Z broke into husky giggles and grabbed her, grappling her to the ground as Tennessee spewed daisies. Z sat on her while Tennessee thrashed and pulled horrible faces, till she choked on a daisy and started to cough. Then Z rolled off, laughing at Tennessee as she fished the stem out of her mouth, poking her tongue out and making little _th-th-th_ sounds like a cat spitting up grass.

It shouldn't have been sexy. Z wanted to drag her down and kiss her anyway. Instead she reached out with her chain and carefully crowned Tennessee with it.

Tennessee stopped spitting and bowed her head. "Thank you," she said gravely. "Your queen is pleased with you."

"You have a daisy in your nose," Z told her. "You freak."

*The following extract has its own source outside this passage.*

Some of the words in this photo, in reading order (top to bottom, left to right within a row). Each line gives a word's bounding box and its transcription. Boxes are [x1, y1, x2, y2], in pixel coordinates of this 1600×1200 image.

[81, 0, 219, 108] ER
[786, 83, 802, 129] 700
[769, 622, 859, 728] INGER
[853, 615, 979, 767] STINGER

"It's a thing," Tennessee said, waving a hand. "Like a nose stud. I wear a daisy nose stud now. Daisy nose studs are cool."

*

Z sat on the top step of the staircase in her house, looking at the contacts on her phone. She was thinking about deleting Charlotte's number, for the fiftieth time at least. Every time she scrolled through her contacts it was there, obnoxiously close to the beginning of the alphabet. She carefully pressed down with her thumb.

_Delete this contact?_ her phone asked.

She hovered her thumb over the yes, then finally skipped across and hit no. She pressed the call button instead, on impulse.

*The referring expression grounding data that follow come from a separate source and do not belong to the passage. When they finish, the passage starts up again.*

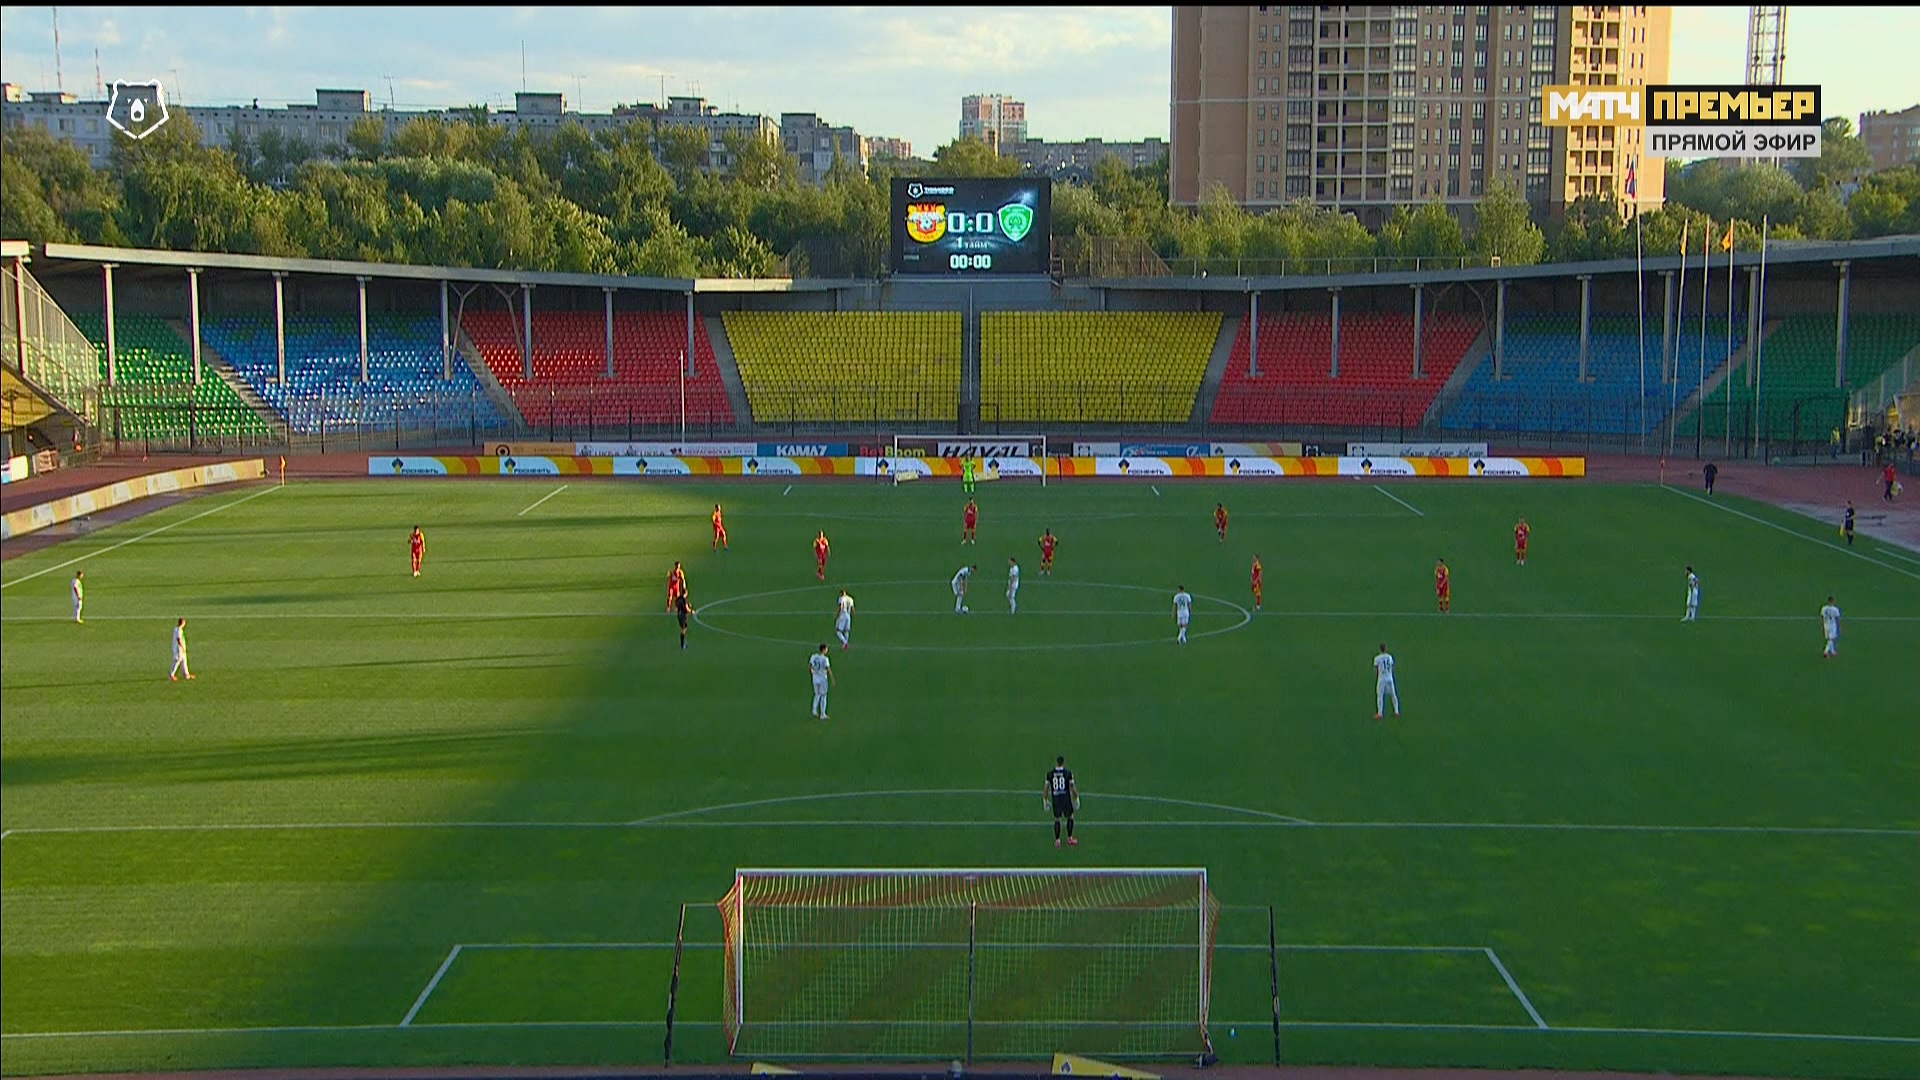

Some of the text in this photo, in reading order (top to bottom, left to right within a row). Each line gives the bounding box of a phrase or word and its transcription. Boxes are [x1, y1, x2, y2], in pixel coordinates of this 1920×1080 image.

[947, 212, 994, 234] 0:0
[950, 254, 991, 269] 00:00
[776, 445, 827, 457] KAMAZ
[942, 446, 1024, 457] HAVAL
[1052, 776, 1065, 790] 88

She thought better of it two rings into the call and hit disconnect. Then she dropped her phone into her lap and chewed her lip as she stared at it. She felt as if it could bite her.

Charlotte rang back ten minutes later. "This is a new low, " she said in place of any kind of greeting. "You're prank calling me now?"

Z faked confusion. "Charlotte?" She _could_ have pocket dialled; she might not have meant to call Charlotte at all. Charlotte wasn't buying it.

"You're about six years too late for it to be funny, you know. Tenn and me went through our prank calling phase when we were eleven."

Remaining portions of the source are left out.